[Stored data entries]

::::

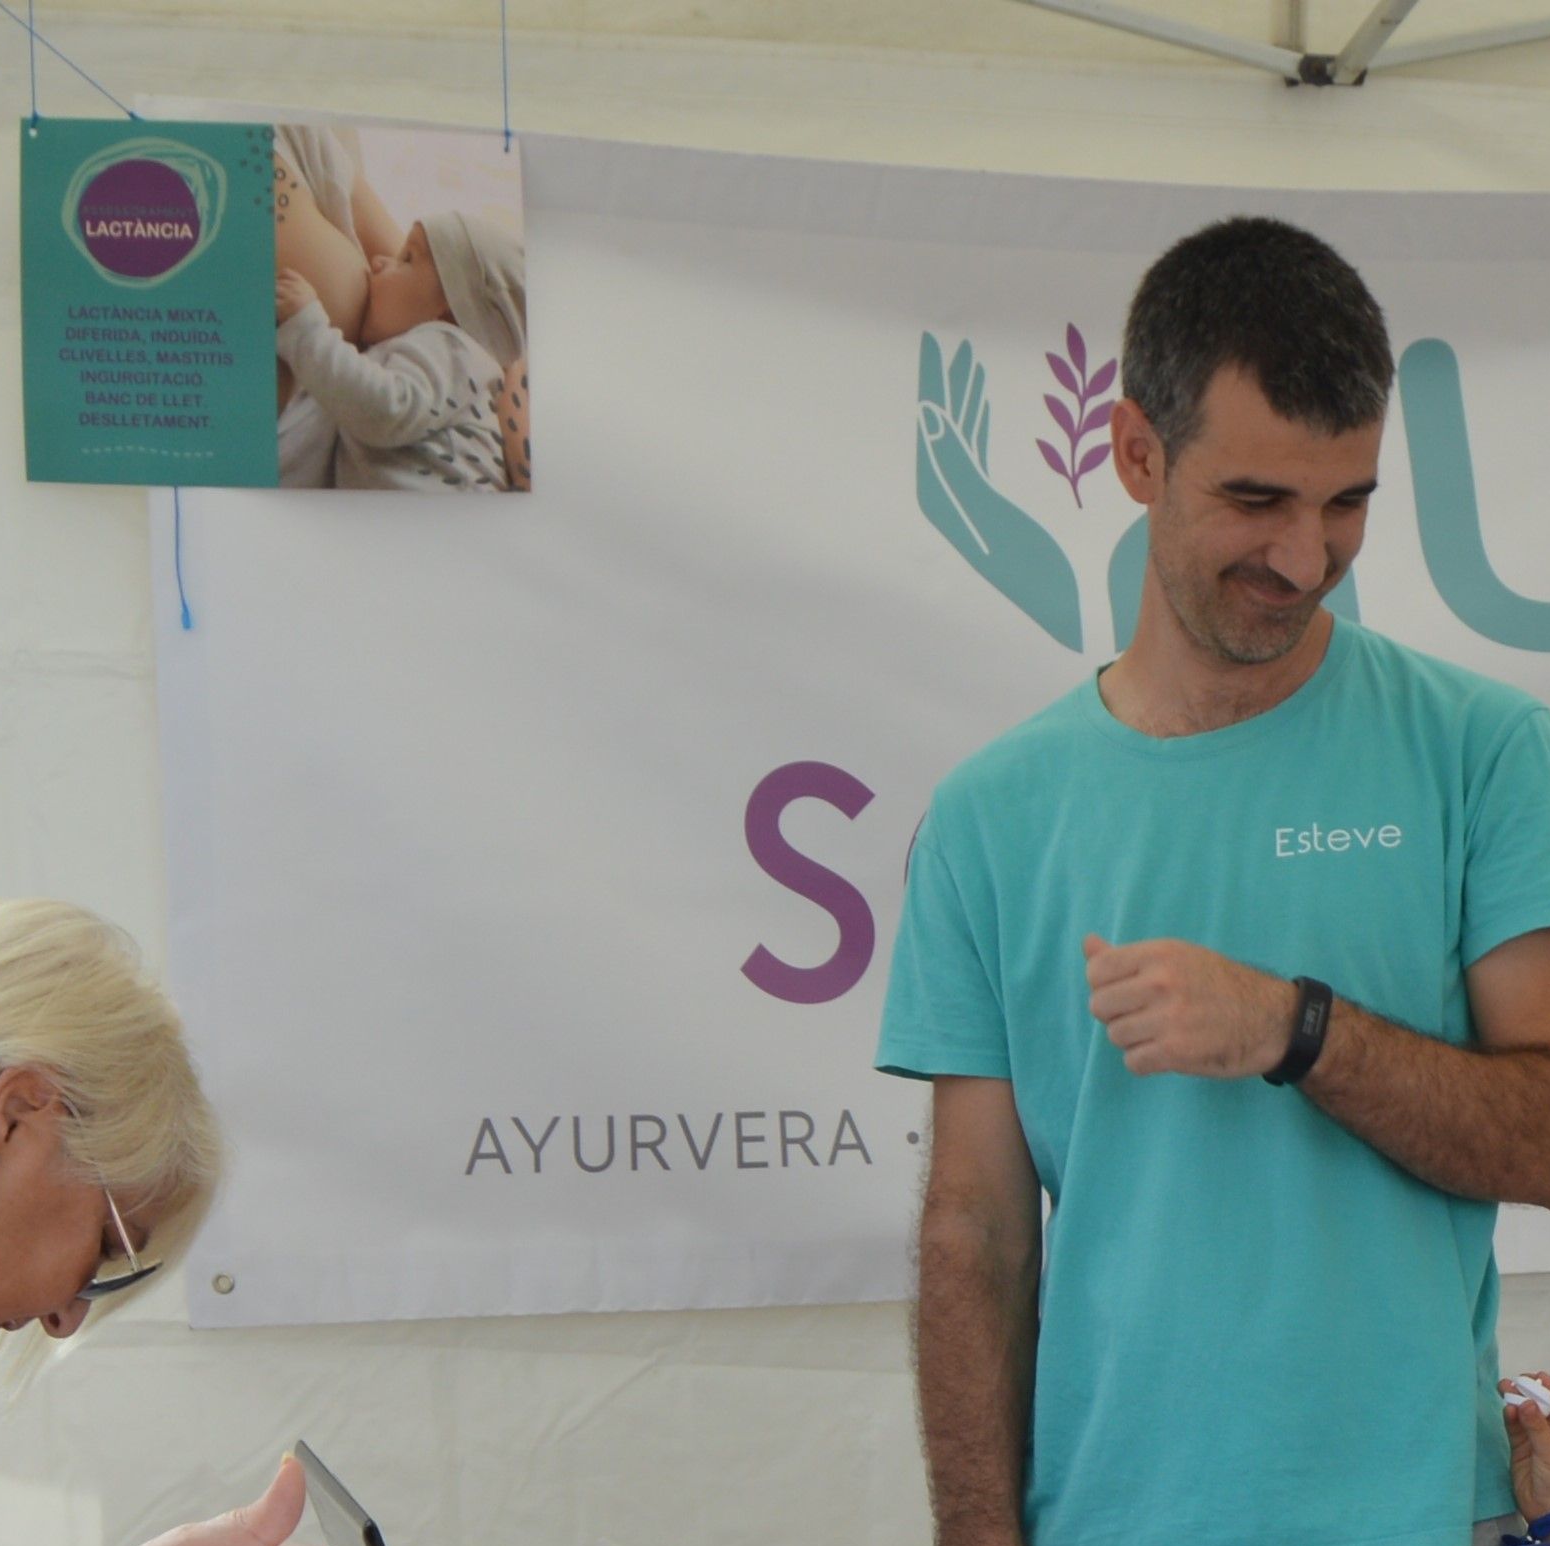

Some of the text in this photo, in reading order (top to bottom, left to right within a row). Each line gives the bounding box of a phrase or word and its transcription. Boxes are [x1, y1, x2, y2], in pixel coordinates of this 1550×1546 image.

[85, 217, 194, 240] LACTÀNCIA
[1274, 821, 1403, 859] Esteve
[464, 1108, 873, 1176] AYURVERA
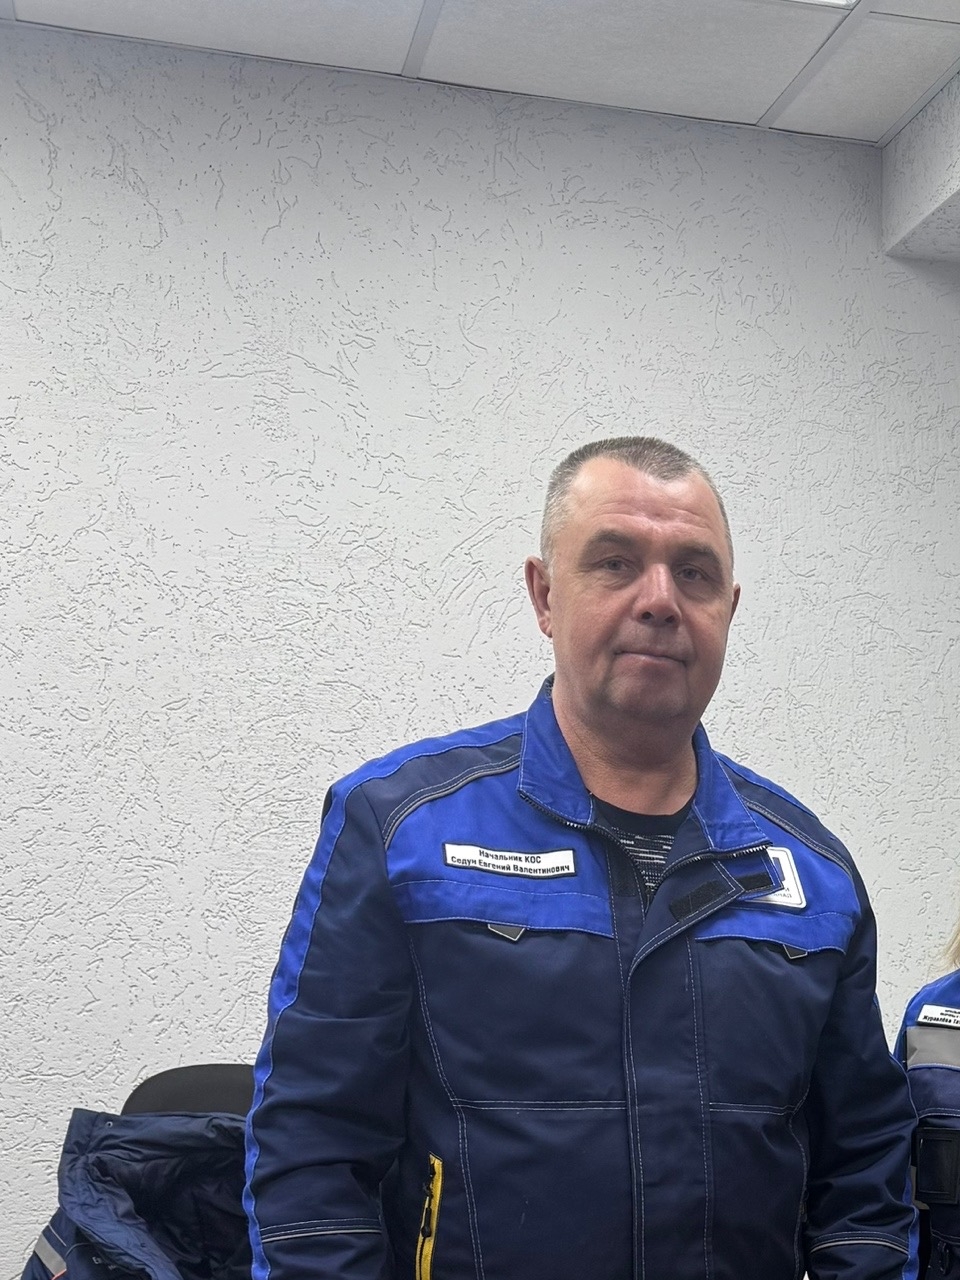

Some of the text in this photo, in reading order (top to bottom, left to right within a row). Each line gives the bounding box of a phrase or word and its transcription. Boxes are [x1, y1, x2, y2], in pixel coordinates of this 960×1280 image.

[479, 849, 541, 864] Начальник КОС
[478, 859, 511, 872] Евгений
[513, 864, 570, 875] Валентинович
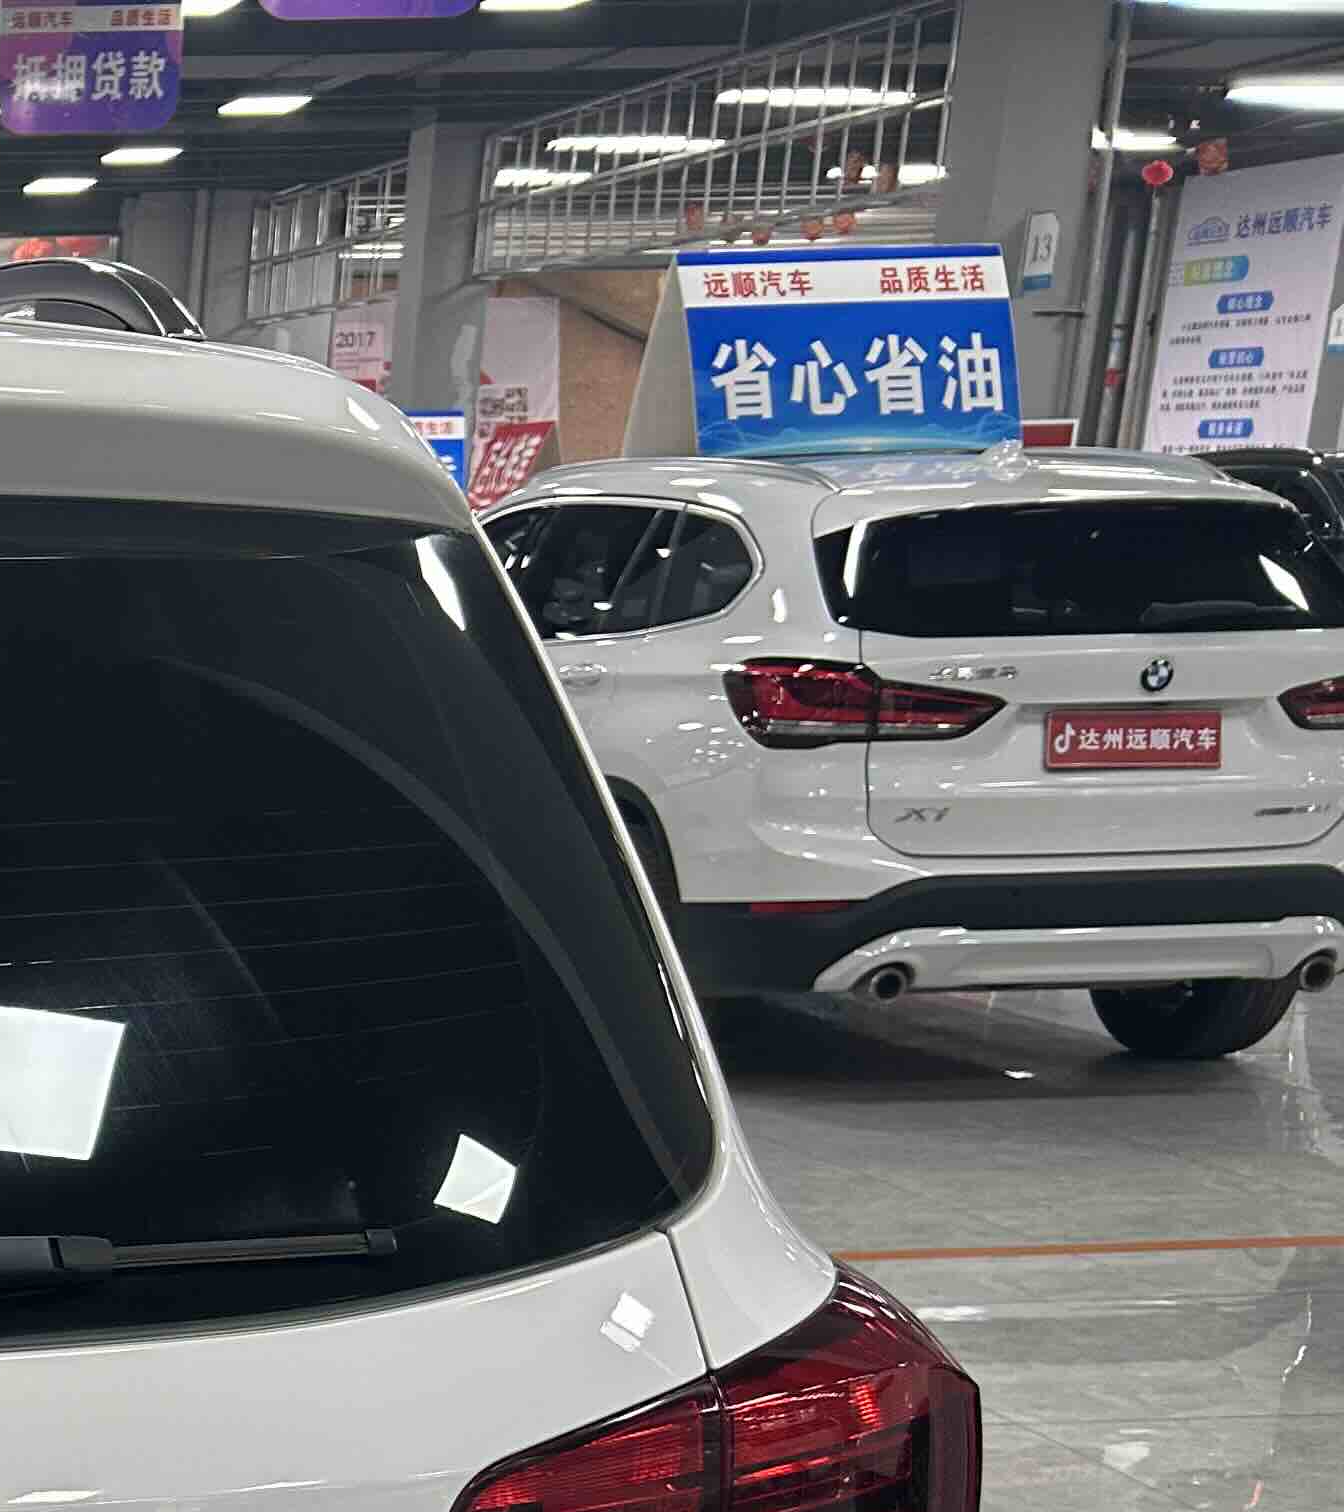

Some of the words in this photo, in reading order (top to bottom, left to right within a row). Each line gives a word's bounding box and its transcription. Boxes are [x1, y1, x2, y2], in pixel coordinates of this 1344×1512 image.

::::

» Brief
Your answer must be a verbatim copy of the entries above, with no images included.

» Output of the task
Some of the text in this photo, in reading order (top to bottom, left to right within a row). Each line gives the bounding box of a phrase or word and its transcription. Boxes are [x1, y1, x2, y2], in pixel coordinates of this 1550×1546 image.

[85, 217, 194, 240] LACTÀNCIA
[1274, 821, 1403, 859] Esteve
[464, 1108, 873, 1176] AYURVERA

Some of the text in this photo, in reading order (top to bottom, left to right within a row). Each line gives the bounding box of a phrase or word and its transcription. Boxes are [x1, y1, x2, y2], in pixel coordinates of this 960×1280 image.

[479, 849, 541, 864] Начальник КОС
[478, 859, 511, 872] Евгений
[513, 864, 570, 875] Валентинович

Some of the words in this photo, in reading order (top to bottom, left to right within a row). Each line gives a word's bounding box and its transcription. Boxes are [x1, y1, x2, y2], in pixel coordinates of this 1344×1512 image.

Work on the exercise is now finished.